Symbol substitution: The symbol ø is being used in these notes to represent the lower case Greek letter phi.
Major concepts
DNA sequencing methods: Modern procedures for determining DNA sequences are employ two specialized types of technology:
Overview of Sanger dideoxy method:. The dideoxy chain termination procedure developed by Frederick Sanger begins with a primer of precisely defined length that has a radioactive 32P-phosphate label at its 5' end. The primer is designed to hybridize at the 3'-end of the template strand whose sequence is to be determined. Synthesis of a new strand of DNA is initiated from the primer, and a chain termination process (incoproration of a 2'-,3'-dideoxynucleotide, which leaves no 3'-OH group for further chain growth) is used to stop synthesis selectively at any one of the four DNA nucleotides. This generates a series of fragments whose relative lengths can then be used to read the nucleotide sequence. The Sanger procedure is described in detail below, togehter with a brief review of the basic molecular biology that it is based on.

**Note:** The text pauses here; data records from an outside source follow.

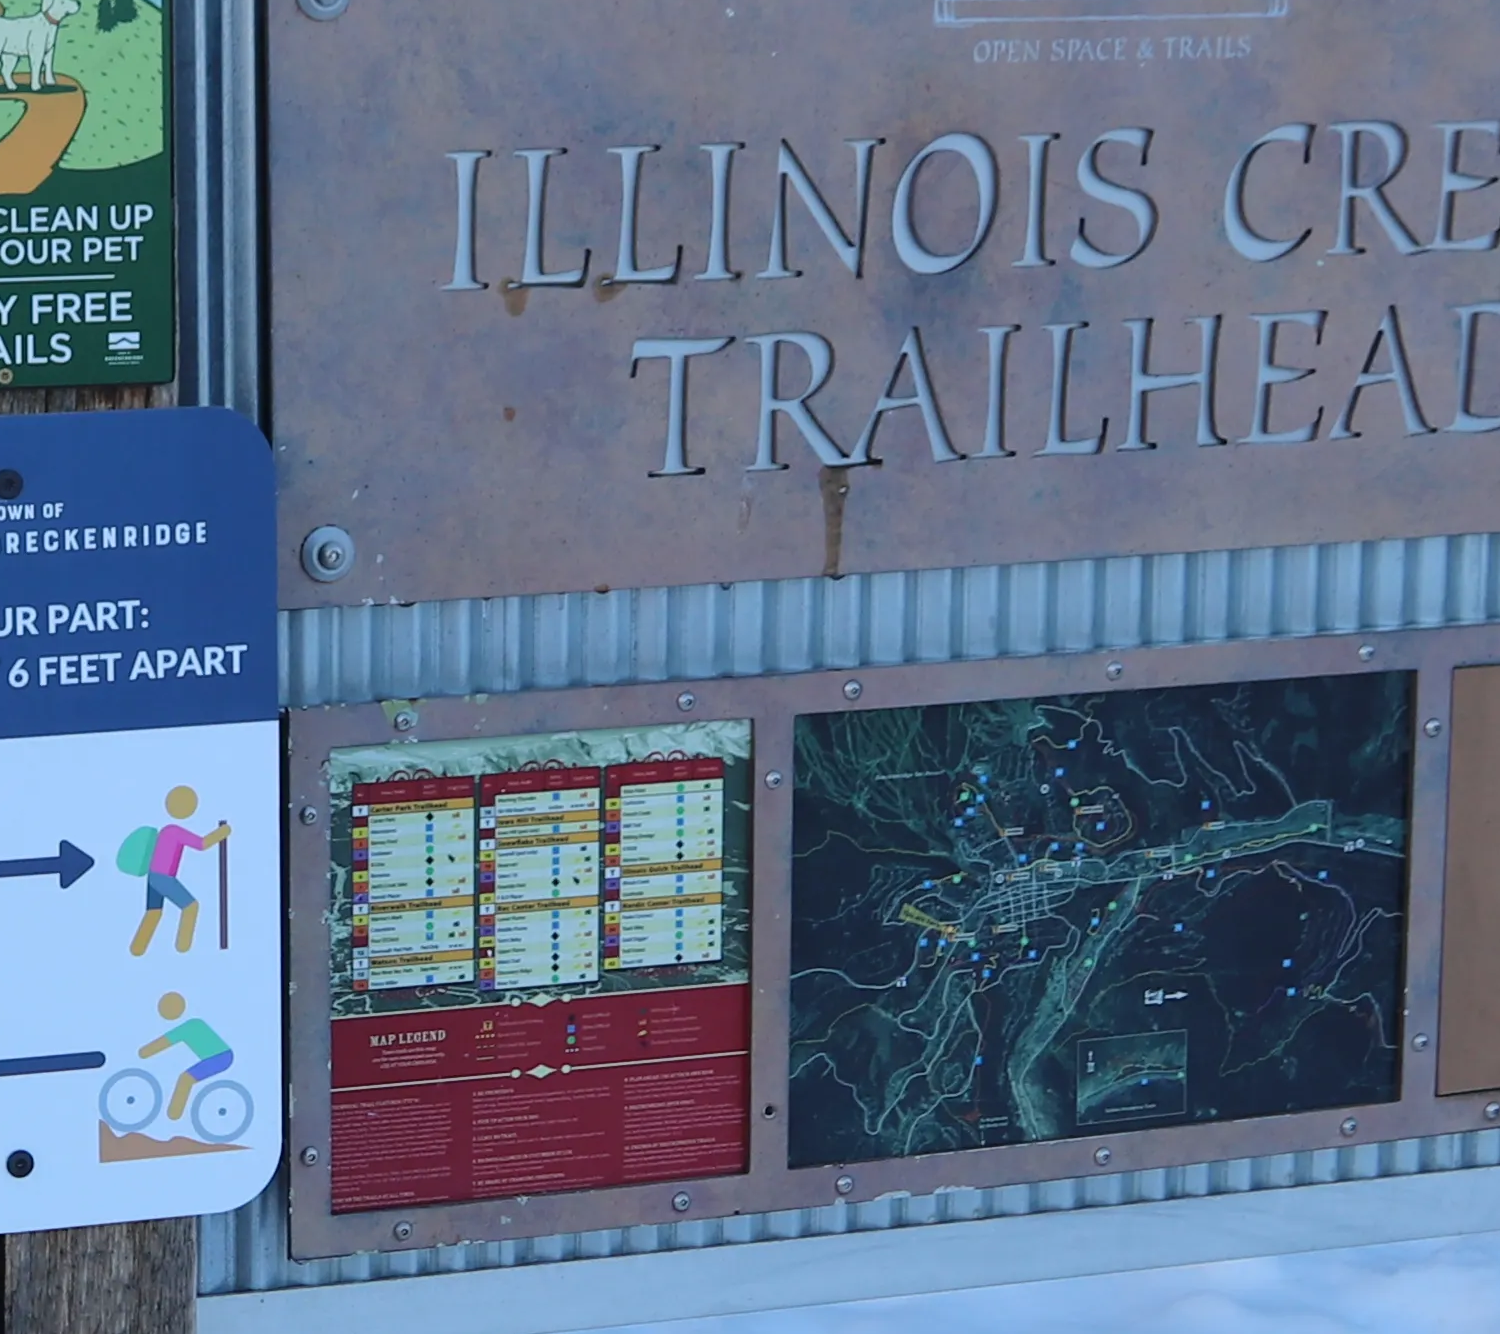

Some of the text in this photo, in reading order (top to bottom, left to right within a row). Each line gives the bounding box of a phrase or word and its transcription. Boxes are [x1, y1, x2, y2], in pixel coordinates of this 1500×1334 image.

[973, 35, 1251, 63] OPEN SPACE & TRAILS
[109, 204, 153, 232] UP
[439, 127, 1160, 290] ILLINOIS
[83, 236, 144, 263] PET
[31, 292, 133, 325] FREE
[42, 502, 65, 519] OF
[48, 599, 150, 635] PART:
[8, 658, 28, 689] 6
[38, 651, 122, 686] FEET
[129, 644, 248, 680] APART
[370, 1029, 447, 1047] MAP LEGEND

5' to 3' synthesis of new DNA: The backbone structure of DNA consists of alternating deoxyribose and phosphate molecules linked together through a series of 3' to 5'-phosphodiester bonds, with one of the four possible DNA bases attached at the 1'-position of each deoxyribose. During DNA synthesis, deoxyribonucleotide triphosphates are guided into position at the 3'-end of the growing strand by base pairing with the template strand, and then form phosphodiester bonds with the free 3'-hydroxyl group by splitting off pyrophosphate residues. The new strand is thus assembled one nucleotide at a time in a 5'-to-3' direction, with the last nucleotide added always providing a new 3'-hydroxyl group for addition of the next nucleotide.
Primers: You will recall from our discussion of DNA synthesis that the DNA polymerase enzymes are unable to start the synthesis of new chains without a primer because they must have a free 3'-hydroxyl group at the end of a pre-existing polynucleotide chain as a site for addition of the next nucleotide. During DNA replication, this problem is solved by use of a primase enzyme that synthesizes a short RNA primer whose free 3'-hydroxyl group provides a starting point for growth of the new DNA strand. In sequencing reactions, a purified DNA polymerase with no primase activity is used, thus preventing any possible spontaneous initiation of synthesis at unwanted locations. Priming is done with with a synthetic oligonucleotide of precisely known length that is complementary to a specific sequence on the template strand.
Vector-specific primers: In many cases, the primer is complementary to a portion of the multiple cloning sequence of the vector adjacent to the cloned DNA insert that is to be sequenced. In such cases, the sequence that is read will begin with the portion of the vector between the end of the primer and the beginning of the insert. The sequence of the cut site for the restriction endonuclease used to clone the insert identifies the boundary between the vector and the insert.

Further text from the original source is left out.